In implying that there was little hope to find success from his hometown, Tyson described the influences that surrounded him from an early age.
"Drugs, and thefts, and gang infested, crime infested, 'No hope Brownsville,' Brooklyn. There's just no hope. It was just slum dwellers," said Tyson.
Nichols asked Tyson how many times he was arrested as a kid, and he estimated "quite a few times, over 30 times—over 40 times" by the time he was approximately 11 or 12 years old.
After being venerated as the Heavyweight Champion of the World at the ripe age of 20, the early success was something Tyson felt he wasn't ready to handle because it gave him a sense of invincibility.
"It gives you a false sense of security," said Tyson. "It makes you somewhat believe that you can't even die. And it turns you into a coward.
"This is what I know: People aren't born humble. Human beings have to be humbled in order to really appreciate the value of life."
Tyson became "very jaded" with boxing after initially feeling pride in the fact that at one time, he was the most prolific boxer on the planet. The sport felt more like a job to Tyson than an impassioned career path he'd carved, and it didn't leave time for him to focus on other areas of his life.
Even with all that money and all that success I had, I didn't get anything done. My kids never saw me. I was a horrible father. I'm accomplishing so much and getting so much done now as a human being than I could've ever done back then in the prime of my fighting career.
Pressed about his past involving substance abuse with drugs and alcohol, Tyson explained that he hasn't had the urge to use in four months since going clean. However, he did acknowledge the struggle and the difficulty the fight has been.

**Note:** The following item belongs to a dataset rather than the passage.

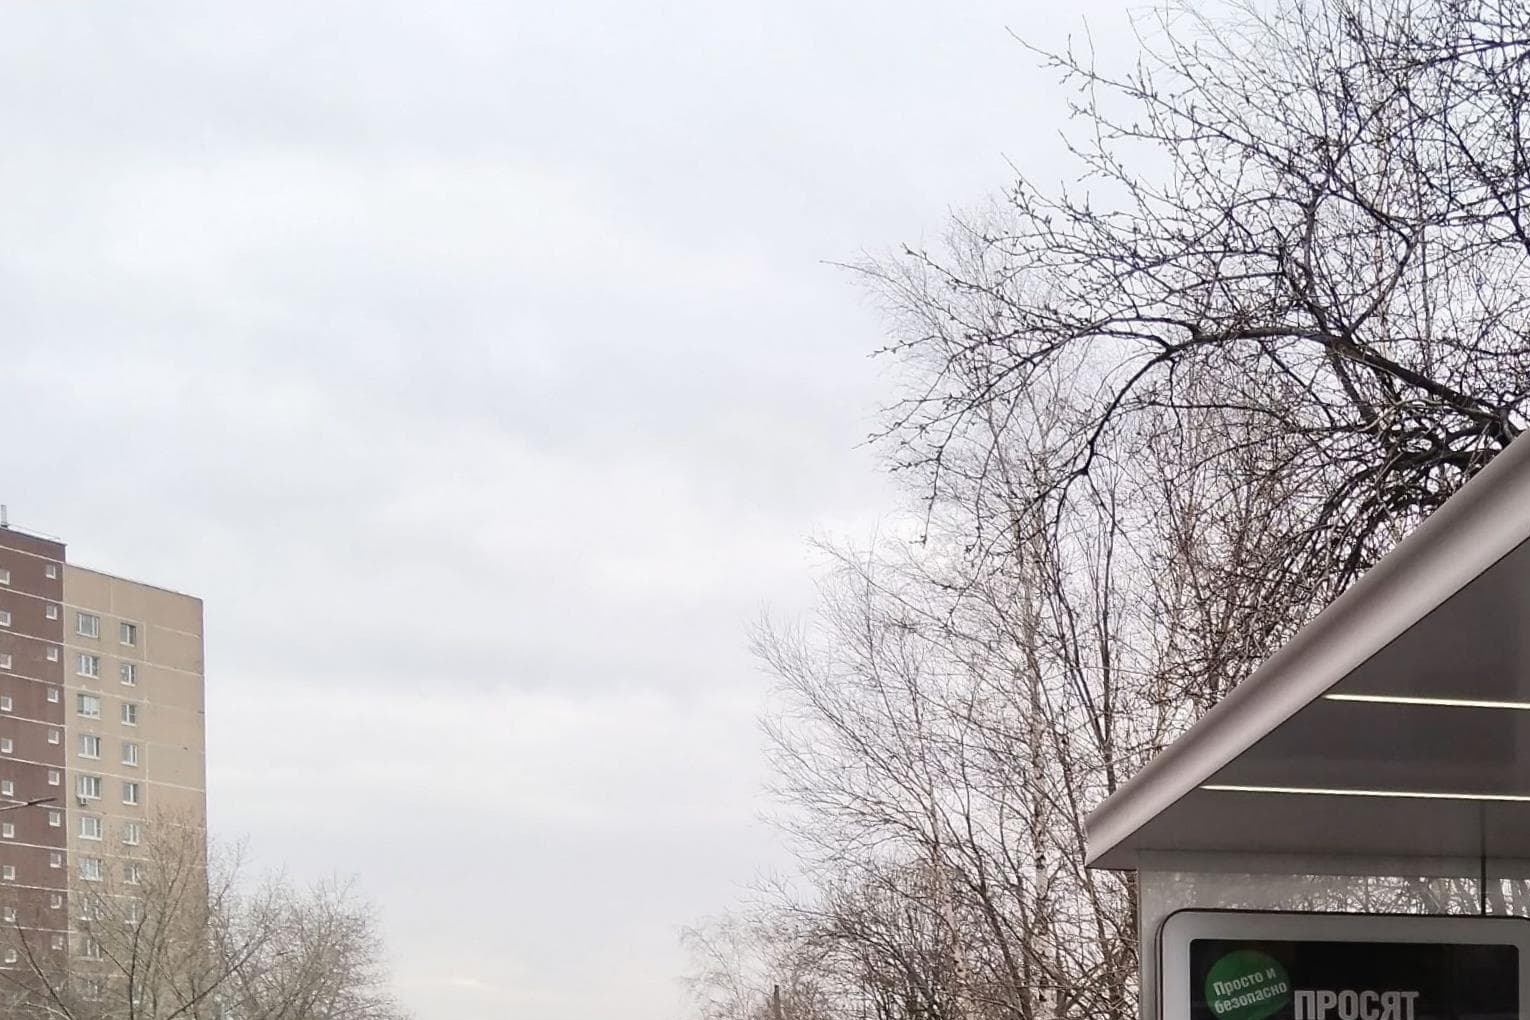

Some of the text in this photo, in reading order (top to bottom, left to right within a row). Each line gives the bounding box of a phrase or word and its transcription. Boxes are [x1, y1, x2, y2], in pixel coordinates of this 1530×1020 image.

[1213, 967, 1277, 996] Просто и
[1214, 982, 1288, 1014] безопасно
[1294, 990, 1419, 1020] ПРОСЯТ

I don't have any urges now. It’s been four months and I haven't had any urges. So, I guess I'm winning so far. I've never been responsible before. So, this is the biggest fight, this is the fight that I'm taking with open arms. This is really the interesting battle.
What truly brought on Tyson's commitment to sobriety was a press conference in August, when he said he'd been sober for only about six days, which to him was something of a miracle, per FightNetwork.com.

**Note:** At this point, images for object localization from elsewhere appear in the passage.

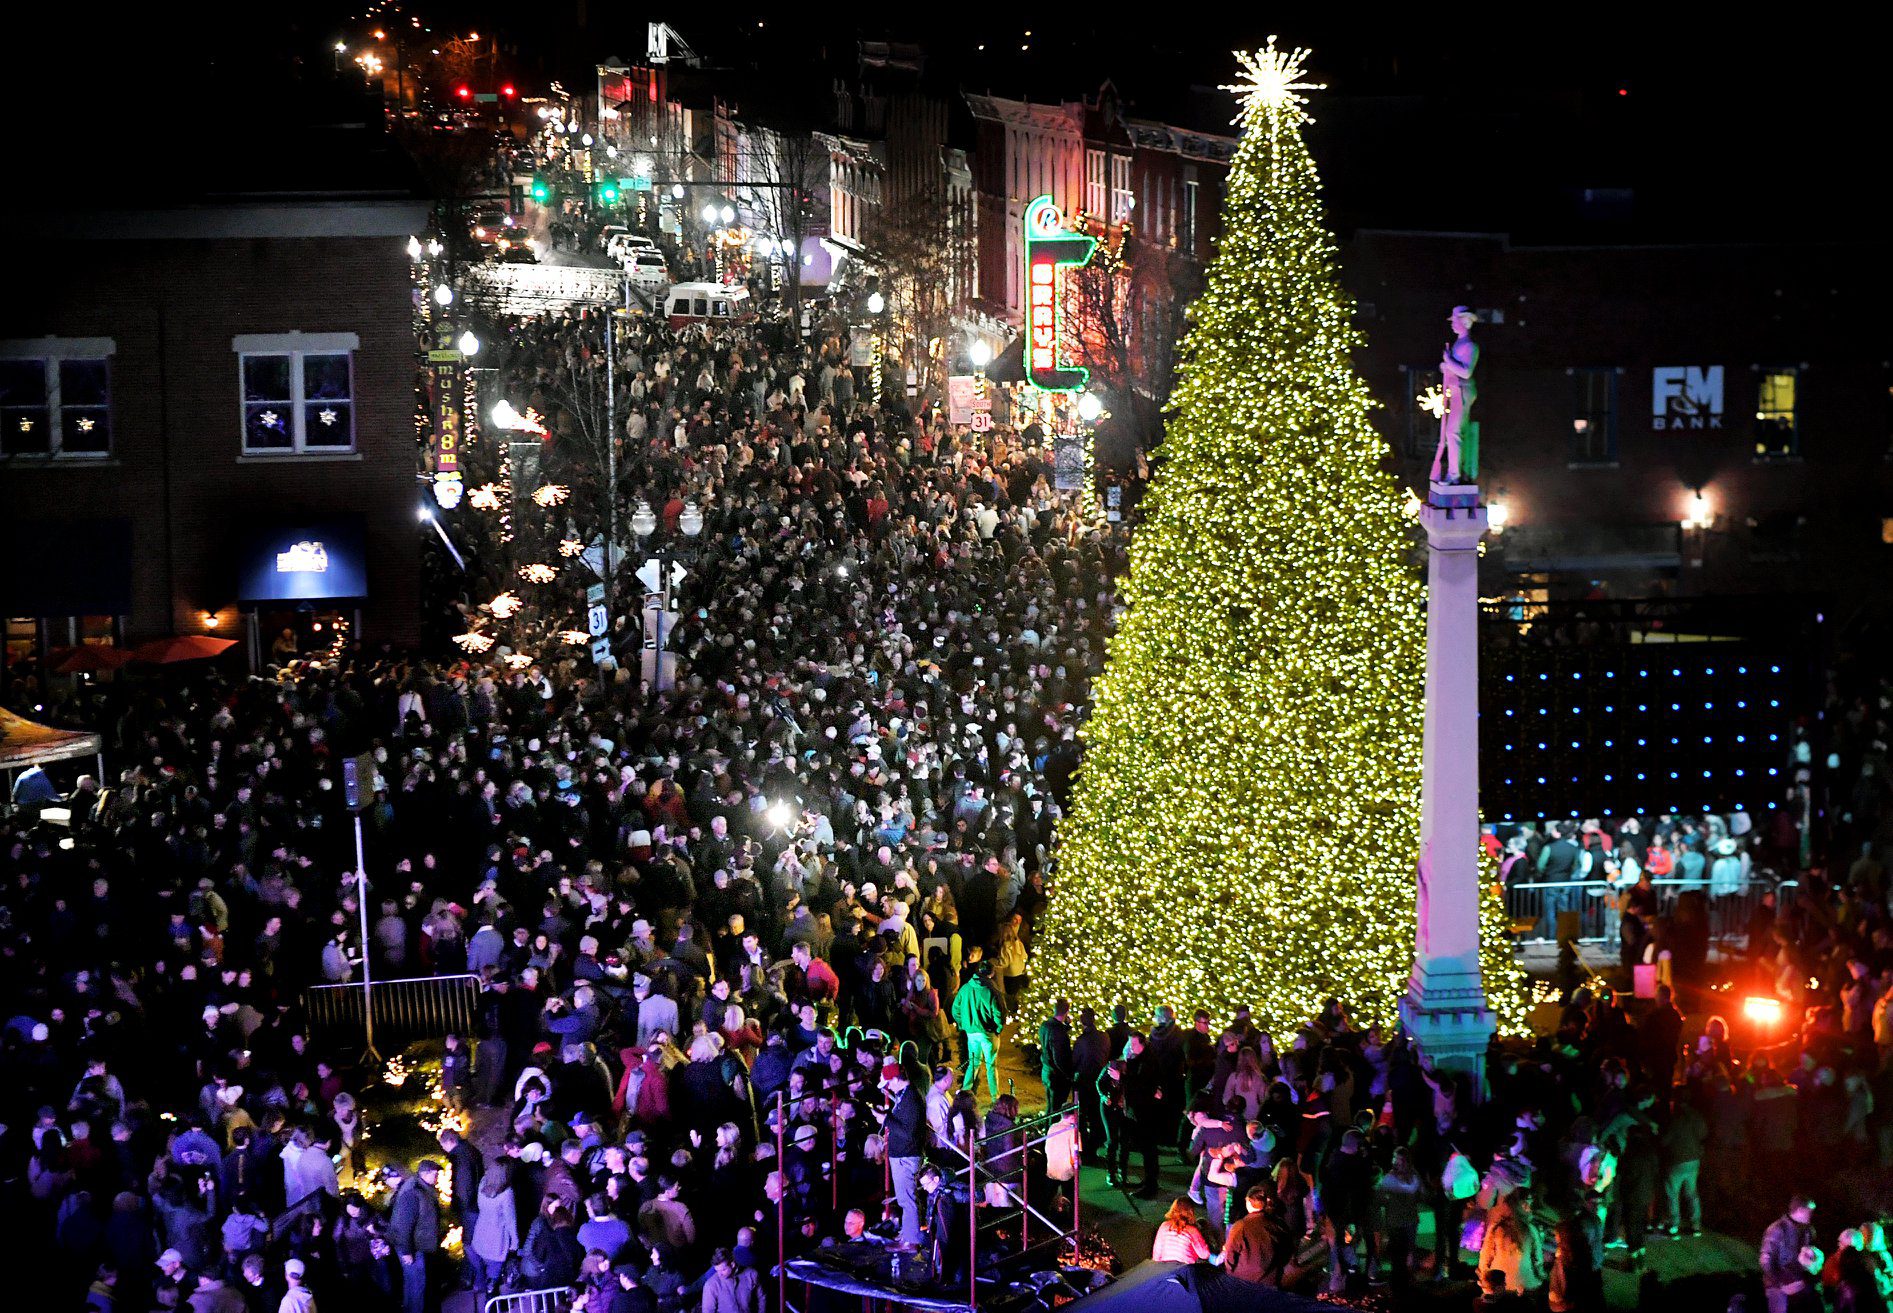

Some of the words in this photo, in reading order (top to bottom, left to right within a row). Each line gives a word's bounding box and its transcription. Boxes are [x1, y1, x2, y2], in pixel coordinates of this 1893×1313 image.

[1653, 364, 1724, 416] F&M
[971, 401, 992, 409] SOUTH
[975, 416, 987, 428] 31
[1653, 416, 1722, 430] BANK
[592, 611, 604, 631] 31

(Warning: Video contains language NSFW.)
Financial problems have plagued the retired Tyson, and in his new role as a fight promoter, he said he would make sure his clients would get their money and be responsible with it.
Asked what the best advice he could impart to fellow boxers, the ever-quotable Tyson delivered a memorable one-liner.
"Just have a lawyer and forget everyone else. Your lawyer is your groupie. You hang out with your lawyer," said Tyson.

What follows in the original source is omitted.